2. Avverso la suddetta sentenza ha proposto ricorso per cassazione il difensore dell'imputato per violazione di legge, in relazione all'art. 649 cod. proc. pen., rilevando la violazione del principio del ne bis in idem.
Deduce il difensore che nei confronti del ricorrente è stato emesso, in data 11
settembre 2019, decreto penale di condanna, divenuto definitivo, per il medesimo reato commesso «a partire da giugno 2014 tutt'ora in corso di consumazione.
Querela del 12/04/2019». Secondo la prospettazione difensiva la condotta contestata nel presente procedimento è ricompresa nel periodo in contestazione nel decreto penale irrevocabile.

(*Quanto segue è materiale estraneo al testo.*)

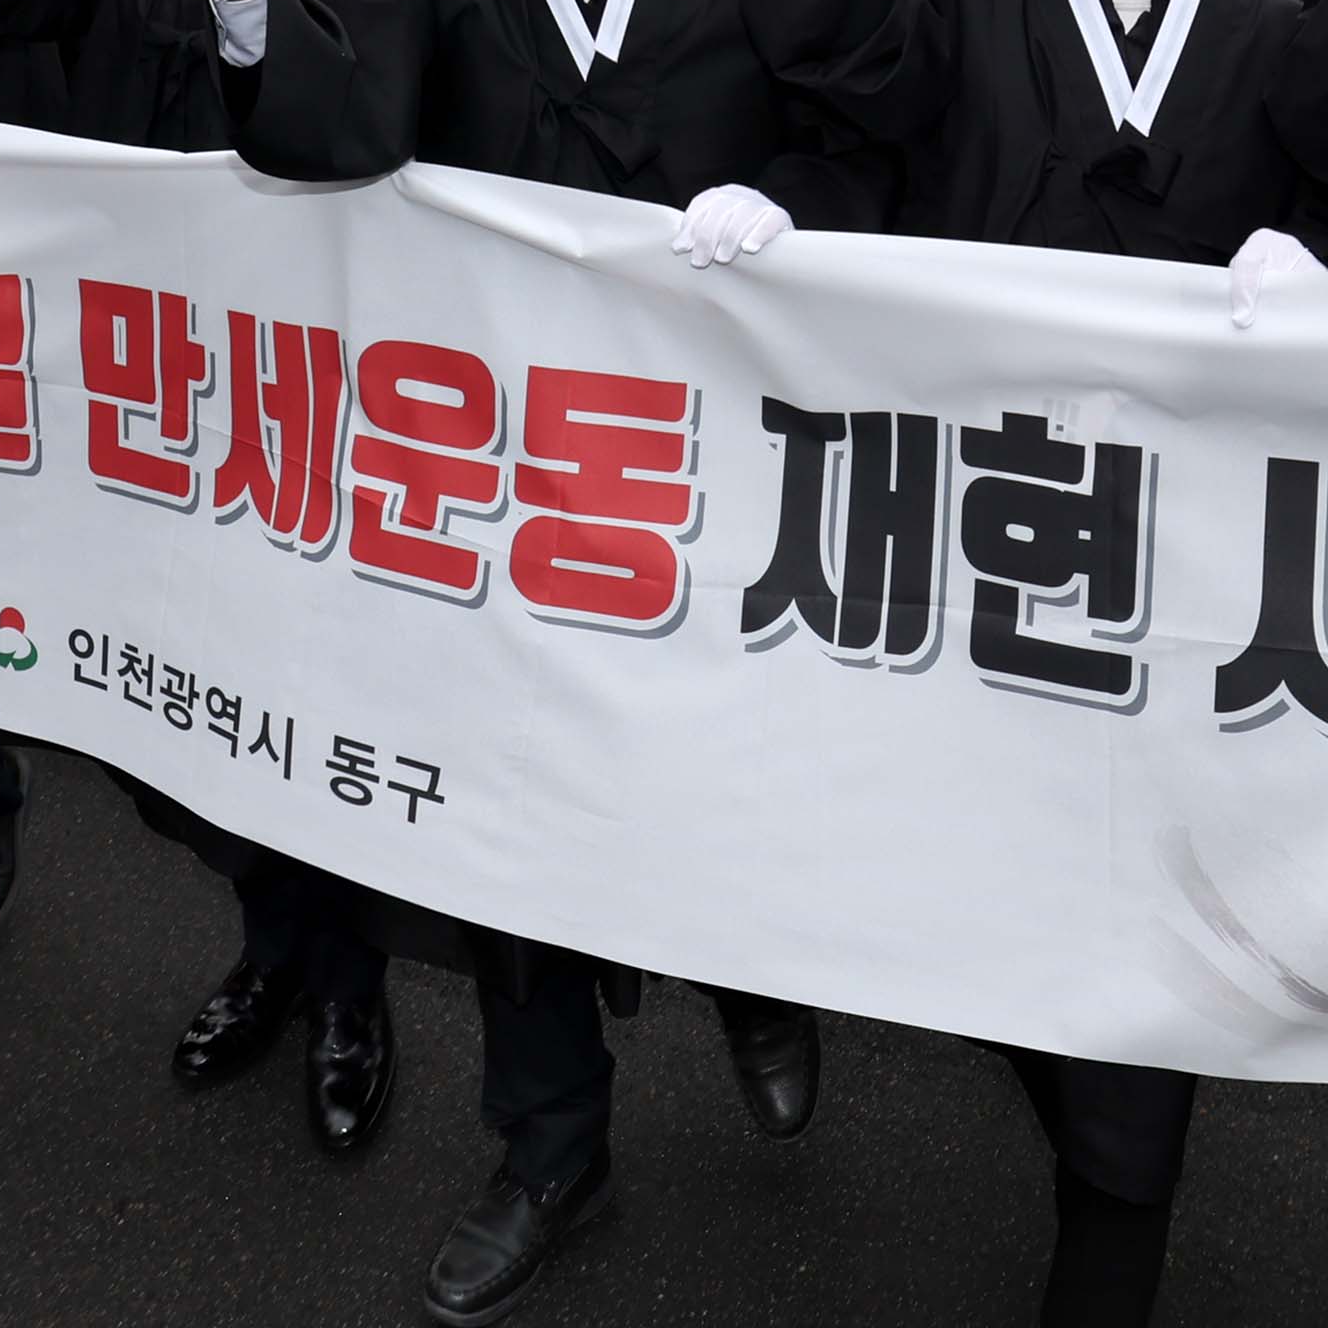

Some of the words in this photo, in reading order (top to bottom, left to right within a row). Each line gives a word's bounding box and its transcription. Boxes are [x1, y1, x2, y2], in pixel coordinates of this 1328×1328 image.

[77, 277, 703, 639] 만세운동
[740, 394, 1160, 716] 재현
[68, 626, 294, 780] 인천광역시
[325, 733, 446, 824] 동구

Rimangono escluse dal decreto penale le condotte contestate dal maggio 2013 al giugno 2014, ma esse sono oramai prescritte.
CONSIDERATO IN DIRITTO
1. Il ricorso è fondato nei limiti di seguito esposti.
2. Il difensore deduce la violazione del divieto di bis in idem, non eccepita innanzi al giudice di appello, quantunque il decreto penale di condanna sia divenuto definitivo prima dell'emissione della sentenza di secondo grado.

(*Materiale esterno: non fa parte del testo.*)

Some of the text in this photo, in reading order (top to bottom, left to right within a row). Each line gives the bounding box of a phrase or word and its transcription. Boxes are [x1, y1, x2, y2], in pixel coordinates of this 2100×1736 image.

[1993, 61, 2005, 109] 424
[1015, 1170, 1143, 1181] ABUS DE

Sul punto va precisato che, poiché la violazione di tale divieto si risolve in un error in procedendo, al giudice di legittimità è consentito l'esame degli atti per accertare i presupposti di tale violazione, da ciò derivando che la questione può essere dedotta, anche per la prima volta, davanti alla Corte di cassazione e da questa conseguentemente esaminata (fra le altre, Sez. 5, n. 30845 del
07/04/2017, Cattaneo, Rv. 270871; Sez. 6, n. 14991del 30/01/2013, Barbato,
Rv. 256221), sempre che l'esame devoluto non richieda, come nel caso di specie, la necessità di accertamenti fattuali, sempre inibiti al giudice di legittimità.

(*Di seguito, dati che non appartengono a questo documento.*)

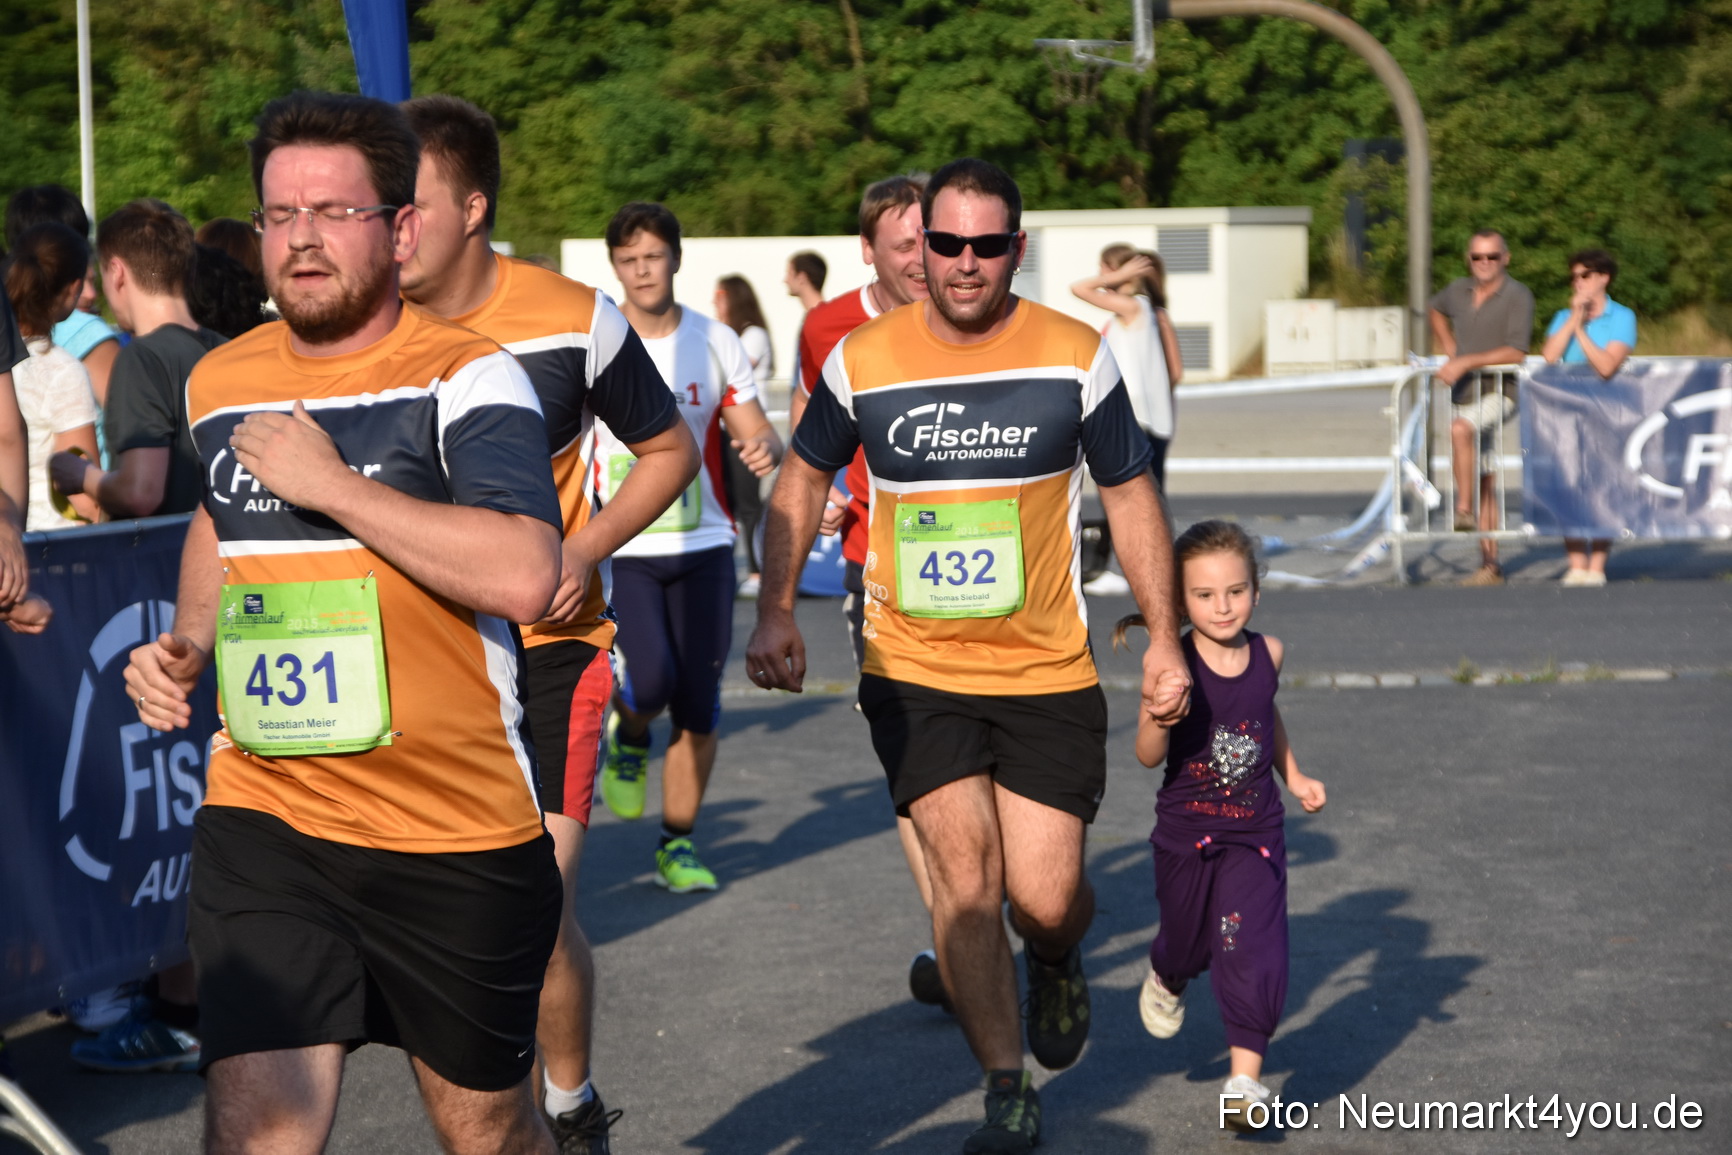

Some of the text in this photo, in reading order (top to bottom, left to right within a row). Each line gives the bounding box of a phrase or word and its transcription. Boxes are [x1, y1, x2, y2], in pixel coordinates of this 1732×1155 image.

3. Per la condotta di omesso versamento della somma dovuta a titolo di mantenimento per la moglie e i figli minori sono stati emessi due provvedimenti di condanna nei confronti dell'imputato: un decreto penale divenuto irrevocabile e la sentenza impugnata.
Il decreto penale di condanna è stato emesso in data 11 settembre 2019 per il reato di cui all'art. 570-bis commesso «a partire dal giugno 2014 e tutt'ora in corso di consumazione. Querela del 12/04/2019».
2 In presenza di una imputazione "aperta", che non indica il termine di consumazione, occorre, quindi, preliminarmente stabilire fino a quale data il reato sia contestato.
Il delitto di violazione degli obblighi di assistenza familiare è, infatti, un reato permanente a condotta omissiva. La permanenza cessa nel momento in cui viene meno la situazione antigiuridica per fatto volontario dell'obbligato o per altra causa. Per questo, ove la condotta sia contestata senza indicazione del momento finale, deve ritenersi che il termine di prescrizione decorra o dal compimento dell'azione volontaria che pone fine alla situazione antigiuridica o dalla data della pronuncia giudiziaria di condanna, qualora sia emerso, nel corso del giudizio, che la condotta omissiva si è protratta anche dopo l'esercizio dell'azione penale (Sez.
6, n. 33220 del 22/07/2015, Rv. 264429 - 01). Infatti, compete al giudice del dibattimento appurare se la fattispecie concreta, così come descritta, sia già esaurita ovvero sia ancora in atto;
in tal caso, poiché il capo di imputazione ascrive all'imputato una condotta che, lungi dall'essersi già esaurita, è ancora perdurante alla data in esso indicata, deve ritenersi che la contestazione comprenda anche l'eventuale protrazione della permanenza, di cui, pertanto, può tenere conto il giudice del dibattimento ad ogni effetto penale, senza che sia richiesta a tal fine un'ulteriore contestazione da parte del pubblico ministero.
Diverso è il caso in cui il procedimento sia definito con decreto penale di condanna, in cui l'accertamento giudiziale interviene al momento dell'emissione del decreto, essendo del tutto eventuale la fase successiva conseguente all'opposizione. permanenza,Per questo è lo stesso decreto che interrompe indipendentemente dal fatto che, a seguito di opposizione, sia stato revocato.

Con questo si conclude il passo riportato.